There are certain types of assets that are not governed or distributed per the terms of a will. Only assets that were owned by you in your individual name (and which do not have a beneficiary designation) are controlled by the will. Assets that are titled in a living trust, or owned in joint tenancy, such as real property or a bank account, or assets that have a beneficiary designation like a life insurance policy or IRA, pass to the beneficiaries by operation of law, and are not subject to the provisions in the will or the probate process.
Probate is the legal process that is used to transfer title of non-jointly owned assets from the decedent to his or her devisees (recipients named in the will) or heirs (recipients named by law). Wills and intestate estates which must be probated range from simple and inexpensive to complicated and costly, depending upon the degrees of court involvement and complexity of the estate.

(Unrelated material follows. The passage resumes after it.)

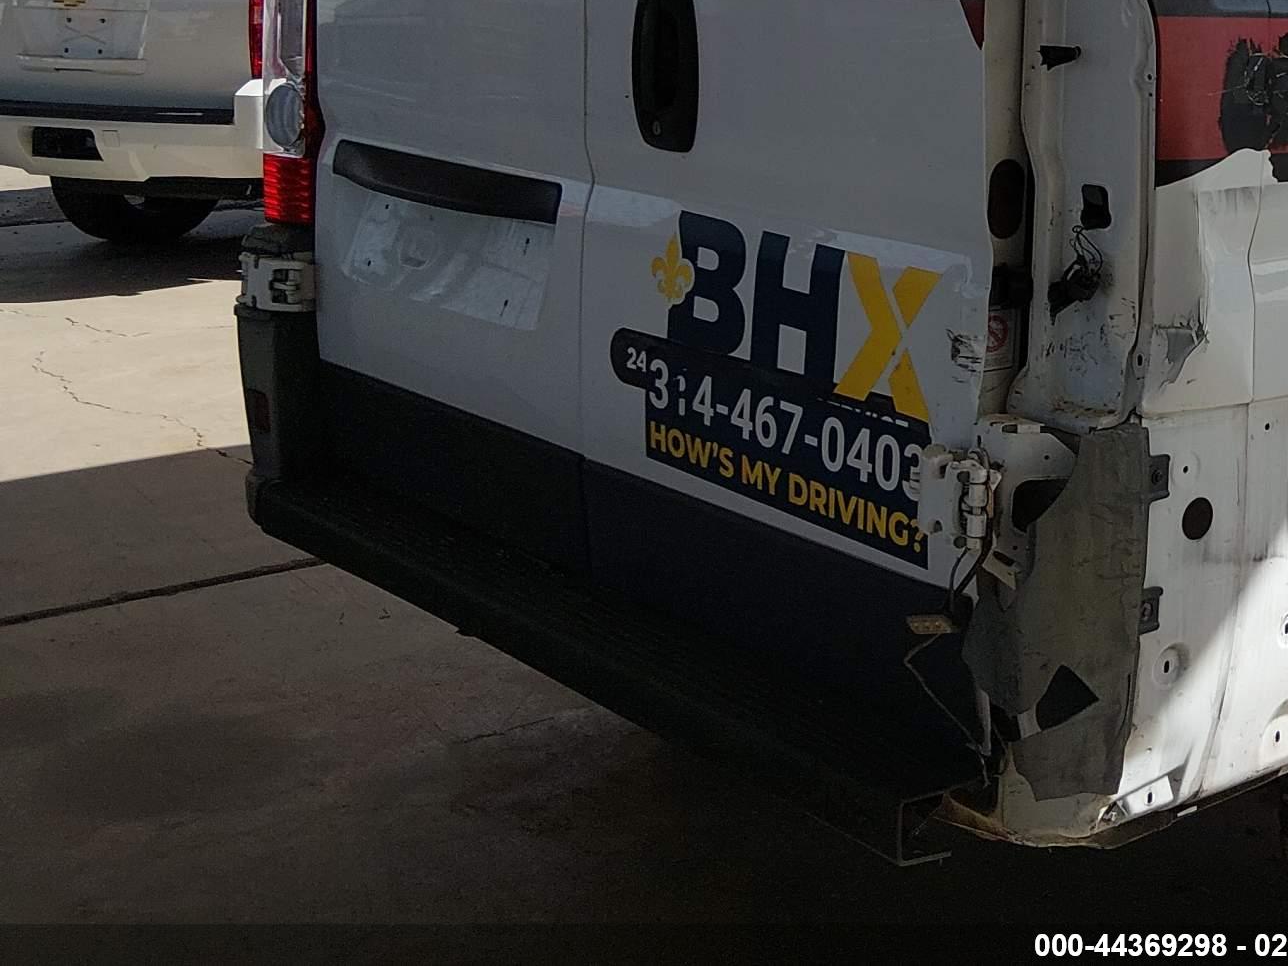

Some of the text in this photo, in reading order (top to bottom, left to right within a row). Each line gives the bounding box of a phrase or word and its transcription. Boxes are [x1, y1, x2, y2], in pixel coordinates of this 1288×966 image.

Powers of attorney or an “advanced directives” allow you to designate someone you know and trust to be your agent to make health care and financial decisions on your behalf. The health care power of attorney and financial power of attorney are critical components of your asset plan. When you complete your estate plan, you choose who will be your agent, and what decisions your agent may or may not make on your behalf concerning emergency and important medical decision and management of your financial assets.
Your will is part of an estate plan that includes your health care power of attorney, financial power of attorney, and living will. Once you have executed a will and estate plan documents, there will be changes in your life, your families’ lives, and changes in laws, including state and federal tax laws. Colorado passed the “Power of Attorney Act in 2010,” therefore, any documents executed prior to 2010 should be reviewed by an attorney.
In addition, if you moved to Colorado or move to another state, it is prudent to have your will reviewed by a local attorney. While Colorado law recognizes wills from other states that were validly executed in that state, there are other factors that could affect your will, including community property issues, differing rules about the disposition of personal property, and local rules regarding spousal and dependants’ rights.
If a person dies without a will, he or she is said to have died “intestate.” When this happens, Colorado law essentially writes the person’s will for them through a set of statutes that dictate who is entitled to what, who has priority to be the personal representative, and other terms and procedures related to estate administration or probate.
There are many reasons a person may want a will. Families with minor children would want to have a will to appoint a guardian of your choice for the minor children and to manage the assets of the minor children in trust, in the event there is no surviving parent and eliminates the costly court proceedings to appoint a guardian. A will designates who will receive your property upon your death, and appoints a person called a personal representative to oversee and administer your estate and making sure your wishes are followed.
An estate plan is a series of documents in which you provide instructions and declarations regarding your care if you become mentally or physically incapacitated and how your assets should be distributed upon your death. The estate plan usually includes a will, health care power of attorney, living will, and a financial power of attorney. A good estate plan provides both financial and personal considerations. The estate planning documents will address the preservation and growth of your assets both while you are alive and for your beneficiaries after your death and should include legal strategies to minimize tax liabilities upon your death. The health care power of attorney and living will allow you to document and control decisions with regard to who should speak for you and who should care for you when you are unable to do so yourself.